We found that BCR and TLR signals synergize to elevate rapidly AID expression in immature/T1 B cells to approach that of GC B cells. This rapid synergy requires phospholipase-D (PLD) activation, endosomal acidification, and MyD88, but is not triggered by ligands for cell surface TLRs. Repertoire analyses of single B cells revealed that immature/T1 B cells from MyD88-deficient mice showed increased autoreactivity. Finally, we show that inhibition of endosomal TLR activation by chloroquine relaxes central B cell tolerance in autoreactive 3H9 and 2F5 knock-in mice (Chen et al., 1995b; Verkoczy et al., 2011). Our findings suggest that the first tolerance checkpoint is specialized for B cells that bind damage associated molecular pattern (DAMP) ligands.

Results

BCR and endosomal TLR signals synergistically activate immature/T1 B cells and elicit high levels of AID expression

To identify signaling pathways that increase AID expression in autoreactive, immature/T1 B cells, we sorted bone marrow immature/T1 B cells from B6 mice, stimulated these cells in vitro with F(ab’)2 anti-IgM antibody (anti-µ), CpG, LPS, or combinations of these stimuli for 24 h, and quantified AID message levels (Figure 1A). Compared to cells in medium alone, addition of anti-µ did not significantly alter AID message in immature/T1 B cells; in contrast, CpG and LPS comparably elevated AID message to levels 2- to 3-fold above freshly isolated immature/T1 B cells. Co-activation of immature/T1 B cells by anti-µ+CpG synergistically increased AID mRNA expression, to levels >10-fold above ex vivo immature/T1 B cells and to levels near that of GC B cells. By contrast, no synergy was observed in immature/T1 B cells stimulated by anti-µ+LPS (Figure 1A) or in mature follicular (MF) B cells stimulated by anti-µ+CpG (Figure 1B). BCR and endocytic TLR signals rapidly and synergistically upregulate AID mRNA expression in immature/T1 B cells.
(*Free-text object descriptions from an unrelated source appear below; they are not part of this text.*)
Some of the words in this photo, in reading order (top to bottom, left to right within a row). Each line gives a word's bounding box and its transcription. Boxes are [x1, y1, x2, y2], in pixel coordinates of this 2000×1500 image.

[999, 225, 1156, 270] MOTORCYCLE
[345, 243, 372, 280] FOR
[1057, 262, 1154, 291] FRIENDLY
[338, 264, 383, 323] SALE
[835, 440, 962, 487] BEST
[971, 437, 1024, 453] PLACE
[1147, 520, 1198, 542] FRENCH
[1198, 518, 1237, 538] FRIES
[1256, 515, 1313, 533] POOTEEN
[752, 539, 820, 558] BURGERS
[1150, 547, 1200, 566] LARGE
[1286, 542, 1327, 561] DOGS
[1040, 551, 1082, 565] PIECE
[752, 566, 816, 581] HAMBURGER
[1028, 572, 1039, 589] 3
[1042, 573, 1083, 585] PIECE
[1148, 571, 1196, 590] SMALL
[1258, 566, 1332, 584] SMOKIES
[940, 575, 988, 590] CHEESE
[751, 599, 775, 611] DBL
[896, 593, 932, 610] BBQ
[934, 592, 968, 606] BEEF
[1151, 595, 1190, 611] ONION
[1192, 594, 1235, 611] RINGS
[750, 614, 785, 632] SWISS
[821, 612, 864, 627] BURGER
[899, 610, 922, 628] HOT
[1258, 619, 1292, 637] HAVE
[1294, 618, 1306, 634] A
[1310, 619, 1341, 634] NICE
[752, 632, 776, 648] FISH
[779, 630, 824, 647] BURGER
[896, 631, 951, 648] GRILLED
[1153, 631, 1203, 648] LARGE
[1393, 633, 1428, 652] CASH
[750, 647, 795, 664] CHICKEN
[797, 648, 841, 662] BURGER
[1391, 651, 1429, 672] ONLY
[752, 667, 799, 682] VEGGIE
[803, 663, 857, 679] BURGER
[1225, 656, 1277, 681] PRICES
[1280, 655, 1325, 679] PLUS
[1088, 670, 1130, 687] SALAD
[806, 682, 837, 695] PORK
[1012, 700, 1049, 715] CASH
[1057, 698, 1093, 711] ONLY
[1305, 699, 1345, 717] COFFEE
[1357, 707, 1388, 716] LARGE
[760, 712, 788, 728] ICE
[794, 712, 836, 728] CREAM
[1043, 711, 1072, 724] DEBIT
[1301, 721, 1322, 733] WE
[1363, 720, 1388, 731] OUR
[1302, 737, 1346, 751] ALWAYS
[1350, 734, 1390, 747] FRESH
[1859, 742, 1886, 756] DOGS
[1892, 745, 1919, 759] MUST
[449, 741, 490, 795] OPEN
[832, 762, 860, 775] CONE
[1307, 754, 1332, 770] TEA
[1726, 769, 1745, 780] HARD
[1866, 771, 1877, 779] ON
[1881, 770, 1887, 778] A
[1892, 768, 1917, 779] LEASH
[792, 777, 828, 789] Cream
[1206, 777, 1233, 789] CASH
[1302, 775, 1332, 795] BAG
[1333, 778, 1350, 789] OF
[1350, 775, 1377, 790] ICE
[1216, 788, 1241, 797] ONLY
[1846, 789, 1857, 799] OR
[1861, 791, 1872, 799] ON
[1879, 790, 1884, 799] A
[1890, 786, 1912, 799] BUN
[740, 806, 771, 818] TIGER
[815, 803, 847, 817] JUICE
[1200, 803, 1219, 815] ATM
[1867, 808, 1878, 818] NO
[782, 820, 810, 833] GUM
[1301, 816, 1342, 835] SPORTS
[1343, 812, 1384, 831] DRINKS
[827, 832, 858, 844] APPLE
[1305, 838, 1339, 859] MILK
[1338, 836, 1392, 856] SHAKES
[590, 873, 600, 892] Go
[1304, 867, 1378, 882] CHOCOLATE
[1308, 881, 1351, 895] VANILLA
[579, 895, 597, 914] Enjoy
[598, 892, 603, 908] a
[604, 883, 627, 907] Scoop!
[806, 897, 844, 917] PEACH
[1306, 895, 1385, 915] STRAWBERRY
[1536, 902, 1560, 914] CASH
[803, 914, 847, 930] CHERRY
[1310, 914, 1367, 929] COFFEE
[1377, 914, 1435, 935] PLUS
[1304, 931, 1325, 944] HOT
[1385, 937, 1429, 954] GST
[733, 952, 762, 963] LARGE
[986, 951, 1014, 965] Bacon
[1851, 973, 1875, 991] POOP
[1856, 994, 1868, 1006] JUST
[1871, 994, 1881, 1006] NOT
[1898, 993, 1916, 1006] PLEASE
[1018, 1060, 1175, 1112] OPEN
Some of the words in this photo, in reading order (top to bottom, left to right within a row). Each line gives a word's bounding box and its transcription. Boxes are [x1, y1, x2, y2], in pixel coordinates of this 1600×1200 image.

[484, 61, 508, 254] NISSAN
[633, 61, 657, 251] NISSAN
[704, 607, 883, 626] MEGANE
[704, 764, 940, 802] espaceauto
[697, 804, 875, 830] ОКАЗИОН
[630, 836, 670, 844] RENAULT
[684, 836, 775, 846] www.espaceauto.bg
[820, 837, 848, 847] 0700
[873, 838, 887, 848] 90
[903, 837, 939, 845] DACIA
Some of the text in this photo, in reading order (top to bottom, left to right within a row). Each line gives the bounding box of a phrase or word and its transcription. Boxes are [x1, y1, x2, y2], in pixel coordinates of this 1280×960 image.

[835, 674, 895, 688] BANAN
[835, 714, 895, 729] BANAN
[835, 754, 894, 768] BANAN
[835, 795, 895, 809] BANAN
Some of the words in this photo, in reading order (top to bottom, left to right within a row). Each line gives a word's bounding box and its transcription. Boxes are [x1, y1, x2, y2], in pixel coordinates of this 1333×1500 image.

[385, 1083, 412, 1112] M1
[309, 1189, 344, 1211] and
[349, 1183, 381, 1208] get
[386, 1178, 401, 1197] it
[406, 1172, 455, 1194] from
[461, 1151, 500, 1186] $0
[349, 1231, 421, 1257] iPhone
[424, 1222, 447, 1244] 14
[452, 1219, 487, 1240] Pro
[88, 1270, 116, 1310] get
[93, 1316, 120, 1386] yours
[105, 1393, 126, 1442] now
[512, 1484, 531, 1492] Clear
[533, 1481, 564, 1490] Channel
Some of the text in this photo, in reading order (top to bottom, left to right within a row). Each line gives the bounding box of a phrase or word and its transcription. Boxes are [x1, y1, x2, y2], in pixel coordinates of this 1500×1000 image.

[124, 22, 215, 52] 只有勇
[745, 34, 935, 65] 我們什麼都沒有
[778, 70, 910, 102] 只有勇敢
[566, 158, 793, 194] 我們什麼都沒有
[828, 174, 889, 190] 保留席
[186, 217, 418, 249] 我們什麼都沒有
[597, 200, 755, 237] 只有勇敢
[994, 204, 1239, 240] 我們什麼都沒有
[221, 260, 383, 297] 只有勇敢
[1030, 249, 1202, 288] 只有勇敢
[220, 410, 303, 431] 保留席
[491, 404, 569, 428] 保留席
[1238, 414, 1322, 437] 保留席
Figure 1. Anti-µ+CpG co-activation synergistically elevated AID mRNA expression in immature/T1 B cells.

Figure 1

Quantitative PCR analysis of AID mRNA levels in bone marrow immature/T1 B cells (A) and splenic MF B cells (B) cultured for 24 h in the presence of indicated stimuli (n = 4–15). AID expression in splenic GC B cells (∇; n = 4) from NP-CGG/alum immunized mice are shown in both panels. Each point represents an individual mouse and determination from at least 4 independent experiments. n.s., not significant (P > 0.05), ***P < 0.001, ****P < 0.0001, unpaired Student’s t -test. See also Figure S4.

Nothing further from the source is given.